BEGIN

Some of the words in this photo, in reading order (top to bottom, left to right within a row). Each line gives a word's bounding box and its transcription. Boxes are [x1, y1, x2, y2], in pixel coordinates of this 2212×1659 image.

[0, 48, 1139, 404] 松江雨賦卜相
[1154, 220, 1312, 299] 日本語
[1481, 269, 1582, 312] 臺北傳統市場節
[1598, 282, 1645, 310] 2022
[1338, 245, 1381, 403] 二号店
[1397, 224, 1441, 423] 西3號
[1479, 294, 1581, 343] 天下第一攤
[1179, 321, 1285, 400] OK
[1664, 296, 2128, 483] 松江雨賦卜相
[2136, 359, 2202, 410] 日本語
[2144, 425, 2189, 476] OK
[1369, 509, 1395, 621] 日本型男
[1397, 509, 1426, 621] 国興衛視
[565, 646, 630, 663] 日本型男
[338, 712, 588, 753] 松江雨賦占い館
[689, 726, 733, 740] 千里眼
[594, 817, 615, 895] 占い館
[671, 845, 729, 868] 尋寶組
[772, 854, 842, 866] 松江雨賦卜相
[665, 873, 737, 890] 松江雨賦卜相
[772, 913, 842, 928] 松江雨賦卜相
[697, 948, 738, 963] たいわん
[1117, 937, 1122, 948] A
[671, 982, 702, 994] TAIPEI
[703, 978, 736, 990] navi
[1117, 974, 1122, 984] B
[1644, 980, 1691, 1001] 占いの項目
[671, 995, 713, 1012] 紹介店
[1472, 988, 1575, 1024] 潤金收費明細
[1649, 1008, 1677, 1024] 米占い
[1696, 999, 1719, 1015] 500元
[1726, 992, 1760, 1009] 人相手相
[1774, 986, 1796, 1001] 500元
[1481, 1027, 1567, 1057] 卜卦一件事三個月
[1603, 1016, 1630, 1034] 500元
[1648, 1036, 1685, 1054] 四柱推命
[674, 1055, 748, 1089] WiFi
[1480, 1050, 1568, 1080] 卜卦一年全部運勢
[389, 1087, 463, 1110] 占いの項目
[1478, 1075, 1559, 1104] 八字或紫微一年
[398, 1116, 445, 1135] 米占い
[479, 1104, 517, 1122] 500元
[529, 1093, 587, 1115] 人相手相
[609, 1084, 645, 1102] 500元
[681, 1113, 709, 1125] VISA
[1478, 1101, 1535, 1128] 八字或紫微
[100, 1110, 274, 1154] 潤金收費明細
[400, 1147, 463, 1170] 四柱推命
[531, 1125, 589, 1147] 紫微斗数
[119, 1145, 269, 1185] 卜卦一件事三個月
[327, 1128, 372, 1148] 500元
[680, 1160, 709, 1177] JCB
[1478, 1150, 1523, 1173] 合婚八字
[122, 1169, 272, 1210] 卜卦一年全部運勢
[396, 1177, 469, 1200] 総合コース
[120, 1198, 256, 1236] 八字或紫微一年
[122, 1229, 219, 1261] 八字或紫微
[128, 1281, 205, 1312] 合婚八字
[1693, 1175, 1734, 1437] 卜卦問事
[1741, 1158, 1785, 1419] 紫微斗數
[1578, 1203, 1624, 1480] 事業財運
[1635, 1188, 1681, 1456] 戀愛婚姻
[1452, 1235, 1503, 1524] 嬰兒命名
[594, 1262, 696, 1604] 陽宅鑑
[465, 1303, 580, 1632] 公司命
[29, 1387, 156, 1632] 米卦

END

» **Exercise goal**
Print out each record above exactly, with nothing omitted.

» **Answer space**
Some of the words in this photo, in reading order (top to bottom, left to right within a row). Each line gives a word's bounding box and its transcription. Boxes are [x1, y1, x2, y2], in pixel coordinates of this 2212×1659 image.

[0, 48, 1139, 404] 松江雨賦卜相
[1154, 220, 1312, 299] 日本語
[1481, 269, 1582, 312] 臺北傳統市場節
[1598, 282, 1645, 310] 2022
[1338, 245, 1381, 403] 二号店
[1397, 224, 1441, 423] 西3號
[1479, 294, 1581, 343] 天下第一攤
[1179, 321, 1285, 400] OK
[1664, 296, 2128, 483] 松江雨賦卜相
[2136, 359, 2202, 410] 日本語
[2144, 425, 2189, 476] OK
[1369, 509, 1395, 621] 日本型男
[1397, 509, 1426, 621] 国興衛視
[565, 646, 630, 663] 日本型男
[338, 712, 588, 753] 松江雨賦占い館
[689, 726, 733, 740] 千里眼
[594, 817, 615, 895] 占い館
[671, 845, 729, 868] 尋寶組
[772, 854, 842, 866] 松江雨賦卜相
[665, 873, 737, 890] 松江雨賦卜相
[772, 913, 842, 928] 松江雨賦卜相
[697, 948, 738, 963] たいわん
[1117, 937, 1122, 948] A
[671, 982, 702, 994] TAIPEI
[703, 978, 736, 990] navi
[1117, 974, 1122, 984] B
[1644, 980, 1691, 1001] 占いの項目
[671, 995, 713, 1012] 紹介店
[1472, 988, 1575, 1024] 潤金收費明細
[1649, 1008, 1677, 1024] 米占い
[1696, 999, 1719, 1015] 500元
[1726, 992, 1760, 1009] 人相手相
[1774, 986, 1796, 1001] 500元
[1481, 1027, 1567, 1057] 卜卦一件事三個月
[1603, 1016, 1630, 1034] 500元
[1648, 1036, 1685, 1054] 四柱推命
[674, 1055, 748, 1089] WiFi
[1480, 1050, 1568, 1080] 卜卦一年全部運勢
[389, 1087, 463, 1110] 占いの項目
[1478, 1075, 1559, 1104] 八字或紫微一年
[398, 1116, 445, 1135] 米占い
[479, 1104, 517, 1122] 500元
[529, 1093, 587, 1115] 人相手相
[609, 1084, 645, 1102] 500元
[681, 1113, 709, 1125] VISA
[1478, 1101, 1535, 1128] 八字或紫微
[100, 1110, 274, 1154] 潤金收費明細
[400, 1147, 463, 1170] 四柱推命
[531, 1125, 589, 1147] 紫微斗数
[119, 1145, 269, 1185] 卜卦一件事三個月
[327, 1128, 372, 1148] 500元
[680, 1160, 709, 1177] JCB
[1478, 1150, 1523, 1173] 合婚八字
[122, 1169, 272, 1210] 卜卦一年全部運勢
[396, 1177, 469, 1200] 総合コース
[120, 1198, 256, 1236] 八字或紫微一年
[122, 1229, 219, 1261] 八字或紫微
[128, 1281, 205, 1312] 合婚八字
[1693, 1175, 1734, 1437] 卜卦問事
[1741, 1158, 1785, 1419] 紫微斗數
[1578, 1203, 1624, 1480] 事業財運
[1635, 1188, 1681, 1456] 戀愛婚姻
[1452, 1235, 1503, 1524] 嬰兒命名
[594, 1262, 696, 1604] 陽宅鑑
[465, 1303, 580, 1632] 公司命
[29, 1387, 156, 1632] 米卦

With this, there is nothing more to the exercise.